The use of 0.5% lidocaine for procedural anesthesia is a standard in our clinical practice and provides adequate analgesia for needle placement but does not typically result in motor nerve dysfunction when used in small doses. It is likely that this complication may have been avoided had a smaller volume of local anesthetic been used for skin infiltration.
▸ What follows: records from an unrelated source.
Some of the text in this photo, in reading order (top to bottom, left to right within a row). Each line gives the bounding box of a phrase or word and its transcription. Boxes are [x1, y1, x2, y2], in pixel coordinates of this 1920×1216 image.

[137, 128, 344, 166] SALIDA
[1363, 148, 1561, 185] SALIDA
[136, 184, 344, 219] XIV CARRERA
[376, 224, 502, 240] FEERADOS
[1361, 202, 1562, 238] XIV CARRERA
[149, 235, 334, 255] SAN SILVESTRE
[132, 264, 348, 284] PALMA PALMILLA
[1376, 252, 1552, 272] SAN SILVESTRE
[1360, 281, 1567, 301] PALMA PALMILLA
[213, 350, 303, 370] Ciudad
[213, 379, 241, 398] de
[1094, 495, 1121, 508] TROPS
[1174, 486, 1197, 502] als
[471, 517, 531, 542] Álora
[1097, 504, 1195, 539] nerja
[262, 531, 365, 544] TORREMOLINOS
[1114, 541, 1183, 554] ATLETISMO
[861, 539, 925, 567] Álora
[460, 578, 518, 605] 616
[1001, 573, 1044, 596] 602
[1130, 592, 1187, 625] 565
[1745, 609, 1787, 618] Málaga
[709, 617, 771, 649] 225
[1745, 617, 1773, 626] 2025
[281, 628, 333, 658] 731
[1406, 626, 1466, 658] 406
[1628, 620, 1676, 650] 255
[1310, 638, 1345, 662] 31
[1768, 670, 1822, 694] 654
Practitioners of selective maxillary nerve blockade should be aware of the proximity of superficial motor branches of CN VII to the point of needle entry. Patients should be informed of the potential complication of temporary paralysis of the eyelid so that anxiety over this event can be minimized, should it occur. If the complication occurs, patients should be advised and reassured that the duration of effect will likely be short term, based on the local anesthetic that was used. Treatment with artificial tears to the cornea to supplement the tear film should be recommended until the paralysis resolves, and the patient is able to close the eyelid. If the condition does not resolve quickly, the eye may be patched closed to protect the cornea. To avoid this complication when performing maxillary nerve blocks, it may be prudent to use a more concentrated, smaller volume of local anesthetic for skin infiltration so that there is less probability of inadvertent paralysis of the facial nerve branches.